START Entries supplied
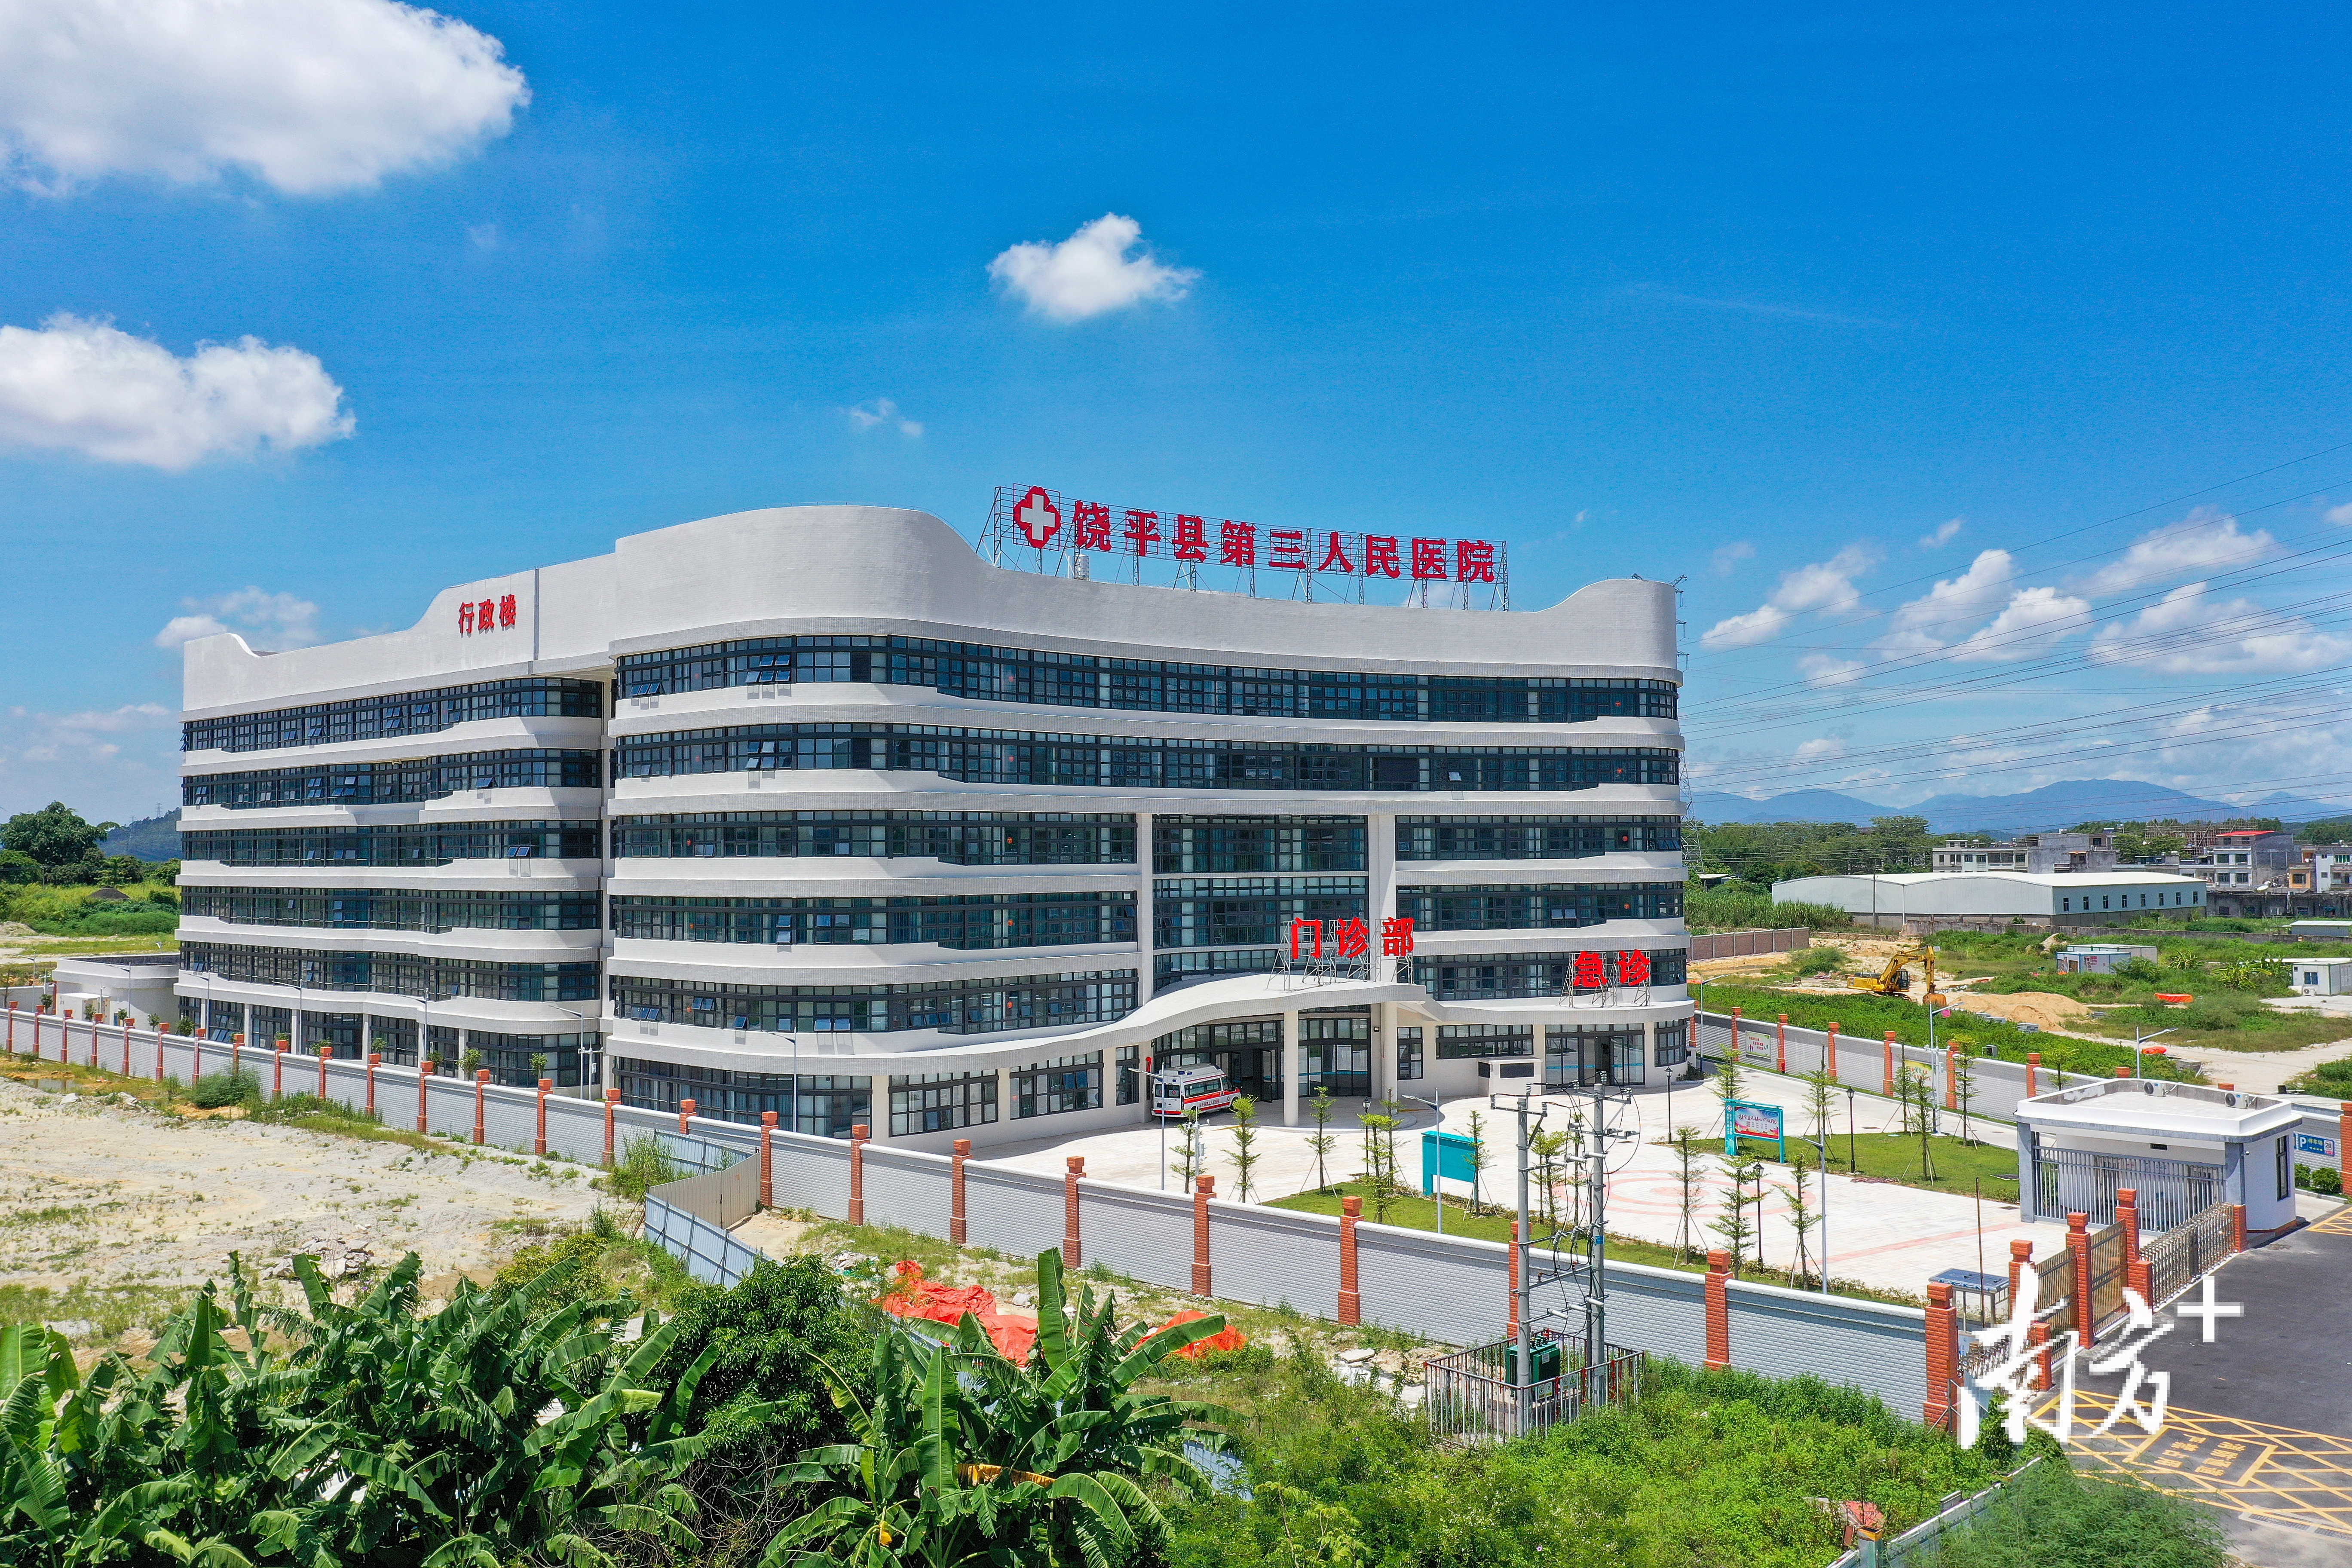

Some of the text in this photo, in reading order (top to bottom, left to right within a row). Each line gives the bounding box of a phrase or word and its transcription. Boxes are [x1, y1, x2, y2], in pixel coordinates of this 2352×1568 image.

[1074, 500, 1494, 582] 饶平县第三人民医院
[458, 594, 516, 634] 行政楼
[1290, 917, 1414, 960] 门诊部
[1572, 949, 1651, 988] 急诊
[2300, 1137, 2306, 1148] P
[2153, 1433, 2207, 1468] 严禁占用
[2194, 1441, 2247, 1476] 消防通道
END Entries supplied
> Aim of the task
If a record holds a picture, leave the picture out and print everything else exactly.

> Result of the task
Some of the text in this photo, in reading order (top to bottom, left to right within a row). Each line gives the bounding box of a phrase or word and its transcription. Boxes are [x1, y1, x2, y2], in pixel coordinates of this 2352×1568 image.

[1074, 500, 1494, 582] 饶平县第三人民医院
[458, 594, 516, 634] 行政楼
[1290, 917, 1414, 960] 门诊部
[1572, 949, 1651, 988] 急诊
[2300, 1137, 2306, 1148] P
[2153, 1433, 2207, 1468] 严禁占用
[2194, 1441, 2247, 1476] 消防通道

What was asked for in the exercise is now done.